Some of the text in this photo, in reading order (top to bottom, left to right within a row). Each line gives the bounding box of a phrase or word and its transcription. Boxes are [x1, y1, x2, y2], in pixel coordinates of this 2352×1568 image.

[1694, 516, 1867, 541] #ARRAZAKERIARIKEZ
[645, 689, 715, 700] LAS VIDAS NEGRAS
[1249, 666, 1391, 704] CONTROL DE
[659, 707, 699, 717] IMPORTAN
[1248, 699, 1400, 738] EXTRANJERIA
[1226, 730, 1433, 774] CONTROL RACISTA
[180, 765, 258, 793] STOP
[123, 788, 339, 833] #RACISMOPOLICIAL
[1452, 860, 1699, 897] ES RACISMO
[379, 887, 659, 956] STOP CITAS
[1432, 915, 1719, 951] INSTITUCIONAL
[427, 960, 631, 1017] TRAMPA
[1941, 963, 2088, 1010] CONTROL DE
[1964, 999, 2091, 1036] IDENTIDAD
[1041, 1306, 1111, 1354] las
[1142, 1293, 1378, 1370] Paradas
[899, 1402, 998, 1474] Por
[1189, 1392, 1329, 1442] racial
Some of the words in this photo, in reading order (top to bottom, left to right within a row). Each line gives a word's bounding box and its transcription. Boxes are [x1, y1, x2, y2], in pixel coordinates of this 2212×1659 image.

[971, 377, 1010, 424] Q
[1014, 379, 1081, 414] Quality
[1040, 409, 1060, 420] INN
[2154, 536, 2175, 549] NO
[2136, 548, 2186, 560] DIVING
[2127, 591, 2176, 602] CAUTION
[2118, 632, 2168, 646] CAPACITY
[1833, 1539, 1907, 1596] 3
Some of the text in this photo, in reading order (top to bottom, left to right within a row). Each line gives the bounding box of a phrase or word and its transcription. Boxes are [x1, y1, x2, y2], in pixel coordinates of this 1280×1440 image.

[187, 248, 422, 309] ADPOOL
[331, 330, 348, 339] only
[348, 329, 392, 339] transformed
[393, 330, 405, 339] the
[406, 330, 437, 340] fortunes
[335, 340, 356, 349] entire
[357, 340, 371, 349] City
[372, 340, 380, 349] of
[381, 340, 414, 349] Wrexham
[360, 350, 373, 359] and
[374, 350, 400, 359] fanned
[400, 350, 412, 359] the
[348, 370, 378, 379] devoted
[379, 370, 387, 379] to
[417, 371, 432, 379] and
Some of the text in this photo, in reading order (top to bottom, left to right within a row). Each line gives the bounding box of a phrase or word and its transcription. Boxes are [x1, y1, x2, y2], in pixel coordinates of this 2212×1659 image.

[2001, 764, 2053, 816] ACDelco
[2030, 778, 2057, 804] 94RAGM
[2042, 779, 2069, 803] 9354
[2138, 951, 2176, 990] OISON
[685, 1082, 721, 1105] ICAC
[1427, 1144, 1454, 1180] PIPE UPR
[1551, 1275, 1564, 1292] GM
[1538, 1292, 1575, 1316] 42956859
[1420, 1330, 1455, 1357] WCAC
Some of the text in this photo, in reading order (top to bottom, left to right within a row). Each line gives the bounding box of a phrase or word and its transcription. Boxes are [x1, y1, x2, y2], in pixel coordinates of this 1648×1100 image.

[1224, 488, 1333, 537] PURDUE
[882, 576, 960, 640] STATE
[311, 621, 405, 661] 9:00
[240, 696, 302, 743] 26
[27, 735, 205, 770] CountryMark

====================

__TASK OBJECTIVE__. Retype all of the entries exactly, please.

__REPLY TO THE EXERCISE__.
Some of the text in this photo, in reading order (top to bottom, left to right within a row). Each line gives the bounding box of a phrase or word and its transcription. Boxes are [x1, y1, x2, y2], in pixel coordinates of this 2352×1568 image.

[1694, 516, 1867, 541] #ARRAZAKERIARIKEZ
[645, 689, 715, 700] LAS VIDAS NEGRAS
[1249, 666, 1391, 704] CONTROL DE
[659, 707, 699, 717] IMPORTAN
[1248, 699, 1400, 738] EXTRANJERIA
[1226, 730, 1433, 774] CONTROL RACISTA
[180, 765, 258, 793] STOP
[123, 788, 339, 833] #RACISMOPOLICIAL
[1452, 860, 1699, 897] ES RACISMO
[379, 887, 659, 956] STOP CITAS
[1432, 915, 1719, 951] INSTITUCIONAL
[427, 960, 631, 1017] TRAMPA
[1941, 963, 2088, 1010] CONTROL DE
[1964, 999, 2091, 1036] IDENTIDAD
[1041, 1306, 1111, 1354] las
[1142, 1293, 1378, 1370] Paradas
[899, 1402, 998, 1474] Por
[1189, 1392, 1329, 1442] racial
Some of the words in this photo, in reading order (top to bottom, left to right within a row). Each line gives a word's bounding box and its transcription. Boxes are [x1, y1, x2, y2], in pixel coordinates of this 2212×1659 image.

[971, 377, 1010, 424] Q
[1014, 379, 1081, 414] Quality
[1040, 409, 1060, 420] INN
[2154, 536, 2175, 549] NO
[2136, 548, 2186, 560] DIVING
[2127, 591, 2176, 602] CAUTION
[2118, 632, 2168, 646] CAPACITY
[1833, 1539, 1907, 1596] 3
Some of the text in this photo, in reading order (top to bottom, left to right within a row). Each line gives the bounding box of a phrase or word and its transcription. Boxes are [x1, y1, x2, y2], in pixel coordinates of this 1280×1440 image.

[187, 248, 422, 309] ADPOOL
[331, 330, 348, 339] only
[348, 329, 392, 339] transformed
[393, 330, 405, 339] the
[406, 330, 437, 340] fortunes
[335, 340, 356, 349] entire
[357, 340, 371, 349] City
[372, 340, 380, 349] of
[381, 340, 414, 349] Wrexham
[360, 350, 373, 359] and
[374, 350, 400, 359] fanned
[400, 350, 412, 359] the
[348, 370, 378, 379] devoted
[379, 370, 387, 379] to
[417, 371, 432, 379] and
Some of the text in this photo, in reading order (top to bottom, left to right within a row). Each line gives the bounding box of a phrase or word and its transcription. Boxes are [x1, y1, x2, y2], in pixel coordinates of this 2212×1659 image.

[2001, 764, 2053, 816] ACDelco
[2030, 778, 2057, 804] 94RAGM
[2042, 779, 2069, 803] 9354
[2138, 951, 2176, 990] OISON
[685, 1082, 721, 1105] ICAC
[1427, 1144, 1454, 1180] PIPE UPR
[1551, 1275, 1564, 1292] GM
[1538, 1292, 1575, 1316] 42956859
[1420, 1330, 1455, 1357] WCAC
Some of the text in this photo, in reading order (top to bottom, left to right within a row). Each line gives the bounding box of a phrase or word and its transcription. Boxes are [x1, y1, x2, y2], in pixel coordinates of this 1648×1100 image.

[1224, 488, 1333, 537] PURDUE
[882, 576, 960, 640] STATE
[311, 621, 405, 661] 9:00
[240, 696, 302, 743] 26
[27, 735, 205, 770] CountryMark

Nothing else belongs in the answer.